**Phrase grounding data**
• • •
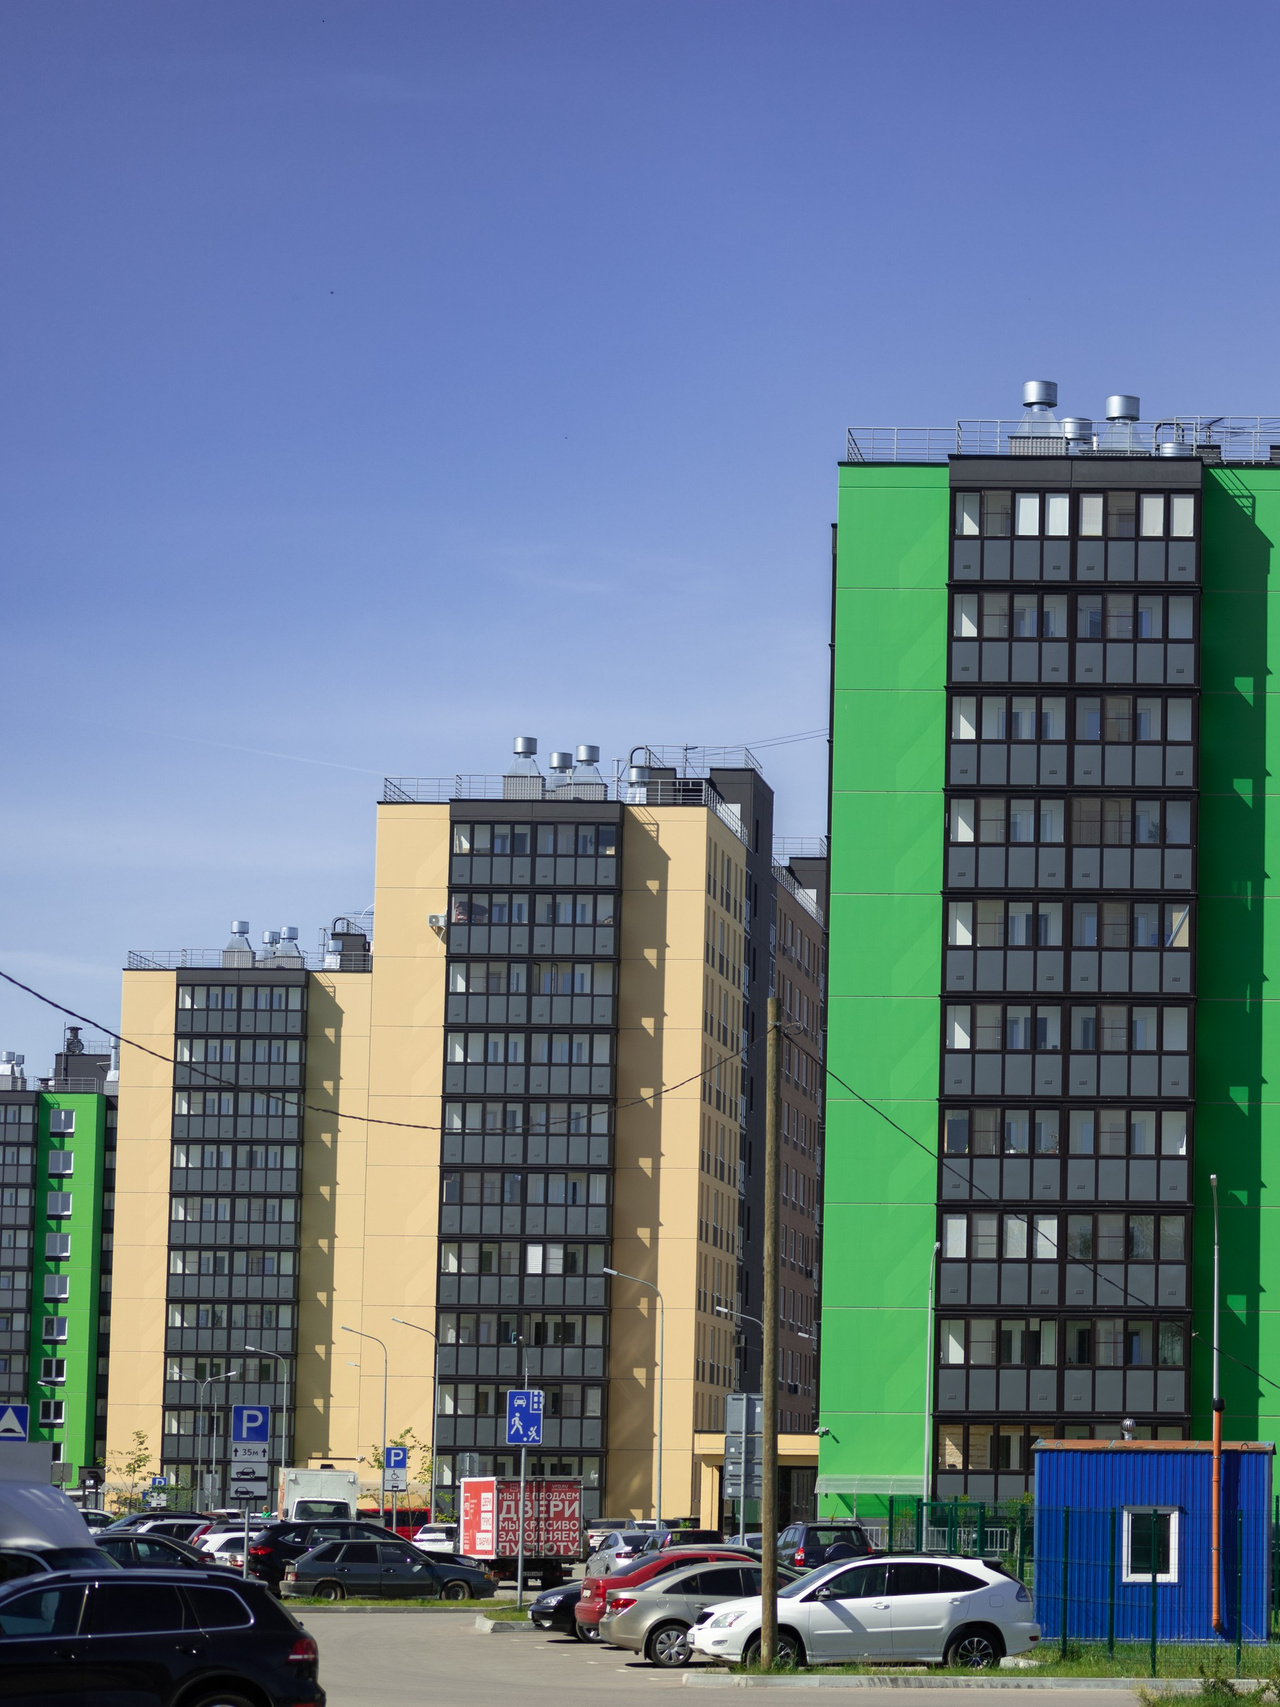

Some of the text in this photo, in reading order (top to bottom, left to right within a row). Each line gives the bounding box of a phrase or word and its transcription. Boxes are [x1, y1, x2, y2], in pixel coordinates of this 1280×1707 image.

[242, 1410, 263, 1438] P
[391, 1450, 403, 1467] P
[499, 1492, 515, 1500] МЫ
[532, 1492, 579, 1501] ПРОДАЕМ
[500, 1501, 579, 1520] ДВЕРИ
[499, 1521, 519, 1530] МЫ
• • •
A word-for-word copy of every entry, with the pictures left out, is the required answer.

Some of the text in this photo, in reading order (top to bottom, left to right within a row). Each line gives the bounding box of a phrase or word and its transcription. Boxes are [x1, y1, x2, y2], in pixel coordinates of this 1280×1707 image.

[242, 1410, 263, 1438] P
[391, 1450, 403, 1467] P
[499, 1492, 515, 1500] МЫ
[532, 1492, 579, 1501] ПРОДАЕМ
[500, 1501, 579, 1520] ДВЕРИ
[499, 1521, 519, 1530] МЫ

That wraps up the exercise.